==== DATASET ENTRIES

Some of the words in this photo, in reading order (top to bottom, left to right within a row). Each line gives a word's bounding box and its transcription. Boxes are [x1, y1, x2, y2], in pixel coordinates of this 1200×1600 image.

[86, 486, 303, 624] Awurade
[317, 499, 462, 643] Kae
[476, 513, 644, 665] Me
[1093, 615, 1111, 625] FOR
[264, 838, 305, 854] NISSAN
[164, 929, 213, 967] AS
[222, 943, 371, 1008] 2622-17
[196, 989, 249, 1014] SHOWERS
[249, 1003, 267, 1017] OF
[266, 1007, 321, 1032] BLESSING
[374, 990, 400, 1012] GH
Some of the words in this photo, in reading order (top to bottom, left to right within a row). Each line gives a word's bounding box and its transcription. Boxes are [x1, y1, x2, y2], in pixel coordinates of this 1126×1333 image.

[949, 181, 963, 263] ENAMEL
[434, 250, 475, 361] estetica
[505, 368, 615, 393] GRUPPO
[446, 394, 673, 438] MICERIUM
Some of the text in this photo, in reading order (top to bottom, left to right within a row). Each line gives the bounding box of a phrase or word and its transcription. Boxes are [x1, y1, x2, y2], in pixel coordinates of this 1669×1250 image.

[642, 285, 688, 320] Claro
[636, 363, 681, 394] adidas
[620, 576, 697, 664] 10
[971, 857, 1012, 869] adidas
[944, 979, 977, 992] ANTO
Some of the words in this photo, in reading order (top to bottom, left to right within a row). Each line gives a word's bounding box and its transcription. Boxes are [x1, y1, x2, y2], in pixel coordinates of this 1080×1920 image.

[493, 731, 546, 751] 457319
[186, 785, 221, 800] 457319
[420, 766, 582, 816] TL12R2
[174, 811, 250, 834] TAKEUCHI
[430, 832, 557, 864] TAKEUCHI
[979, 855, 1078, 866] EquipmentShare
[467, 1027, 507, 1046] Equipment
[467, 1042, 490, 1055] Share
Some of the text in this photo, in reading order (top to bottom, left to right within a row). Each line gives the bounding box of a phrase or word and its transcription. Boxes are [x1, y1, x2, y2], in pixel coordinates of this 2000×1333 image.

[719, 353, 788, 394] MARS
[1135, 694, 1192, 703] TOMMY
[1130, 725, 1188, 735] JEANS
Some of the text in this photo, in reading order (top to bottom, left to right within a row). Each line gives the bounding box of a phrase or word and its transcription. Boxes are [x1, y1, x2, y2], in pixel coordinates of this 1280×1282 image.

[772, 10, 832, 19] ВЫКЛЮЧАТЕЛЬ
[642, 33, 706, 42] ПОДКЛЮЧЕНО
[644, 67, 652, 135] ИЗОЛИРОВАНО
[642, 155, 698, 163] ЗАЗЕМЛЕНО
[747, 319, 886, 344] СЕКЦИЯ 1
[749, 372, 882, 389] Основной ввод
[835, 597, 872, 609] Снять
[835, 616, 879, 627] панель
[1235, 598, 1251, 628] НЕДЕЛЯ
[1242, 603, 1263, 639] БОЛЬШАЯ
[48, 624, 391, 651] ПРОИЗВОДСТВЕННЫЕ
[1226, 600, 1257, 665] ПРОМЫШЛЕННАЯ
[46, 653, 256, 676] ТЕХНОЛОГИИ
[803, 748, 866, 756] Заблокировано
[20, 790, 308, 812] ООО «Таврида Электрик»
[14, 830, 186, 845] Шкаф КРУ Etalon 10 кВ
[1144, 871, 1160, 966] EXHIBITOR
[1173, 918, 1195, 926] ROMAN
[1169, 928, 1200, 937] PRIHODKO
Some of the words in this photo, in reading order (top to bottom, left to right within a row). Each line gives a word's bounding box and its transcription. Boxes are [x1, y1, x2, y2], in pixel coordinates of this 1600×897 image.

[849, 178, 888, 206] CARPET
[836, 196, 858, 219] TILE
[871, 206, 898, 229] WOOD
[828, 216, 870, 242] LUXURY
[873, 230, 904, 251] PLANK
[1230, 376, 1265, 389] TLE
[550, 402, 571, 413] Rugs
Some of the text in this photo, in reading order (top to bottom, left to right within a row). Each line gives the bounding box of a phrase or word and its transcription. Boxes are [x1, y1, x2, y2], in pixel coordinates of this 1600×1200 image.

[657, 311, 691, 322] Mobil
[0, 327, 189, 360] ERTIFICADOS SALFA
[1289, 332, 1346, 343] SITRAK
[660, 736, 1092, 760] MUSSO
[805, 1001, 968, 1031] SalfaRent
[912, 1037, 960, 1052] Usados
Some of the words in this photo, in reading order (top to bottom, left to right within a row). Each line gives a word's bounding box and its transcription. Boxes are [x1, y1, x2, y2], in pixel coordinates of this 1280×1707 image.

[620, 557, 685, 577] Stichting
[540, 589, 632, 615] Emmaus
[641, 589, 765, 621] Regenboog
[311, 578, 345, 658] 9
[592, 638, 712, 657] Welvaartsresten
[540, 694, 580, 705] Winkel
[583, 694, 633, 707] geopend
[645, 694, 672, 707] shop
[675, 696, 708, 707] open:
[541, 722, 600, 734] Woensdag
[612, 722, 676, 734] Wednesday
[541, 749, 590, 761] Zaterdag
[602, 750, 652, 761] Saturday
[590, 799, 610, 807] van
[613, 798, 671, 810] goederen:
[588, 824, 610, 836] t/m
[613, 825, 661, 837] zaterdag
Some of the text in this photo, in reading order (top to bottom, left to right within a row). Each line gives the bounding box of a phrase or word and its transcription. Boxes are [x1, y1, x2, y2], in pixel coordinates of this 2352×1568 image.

========

■ WORK INSTRUCTIONS: Only the lines from the one with "this 1600×1200 image." to the end of the listing are wanted. Print them exactly, keeping both ends.

■ RESULT FOR THIS EXERCISE:
Some of the text in this photo, in reading order (top to bottom, left to right within a row). Each line gives the bounding box of a phrase or word and its transcription. Boxes are [x1, y1, x2, y2], in pixel coordinates of this 1600×1200 image.

[657, 311, 691, 322] Mobil
[0, 327, 189, 360] ERTIFICADOS SALFA
[1289, 332, 1346, 343] SITRAK
[660, 736, 1092, 760] MUSSO
[805, 1001, 968, 1031] SalfaRent
[912, 1037, 960, 1052] Usados
Some of the words in this photo, in reading order (top to bottom, left to right within a row). Each line gives a word's bounding box and its transcription. Boxes are [x1, y1, x2, y2], in pixel coordinates of this 1280×1707 image.

[620, 557, 685, 577] Stichting
[540, 589, 632, 615] Emmaus
[641, 589, 765, 621] Regenboog
[311, 578, 345, 658] 9
[592, 638, 712, 657] Welvaartsresten
[540, 694, 580, 705] Winkel
[583, 694, 633, 707] geopend
[645, 694, 672, 707] shop
[675, 696, 708, 707] open:
[541, 722, 600, 734] Woensdag
[612, 722, 676, 734] Wednesday
[541, 749, 590, 761] Zaterdag
[602, 750, 652, 761] Saturday
[590, 799, 610, 807] van
[613, 798, 671, 810] goederen:
[588, 824, 610, 836] t/m
[613, 825, 661, 837] zaterdag
Some of the text in this photo, in reading order (top to bottom, left to right within a row). Each line gives the bounding box of a phrase or word and its transcription. Boxes are [x1, y1, x2, y2], in pixel coordinates of this 2352×1568 image.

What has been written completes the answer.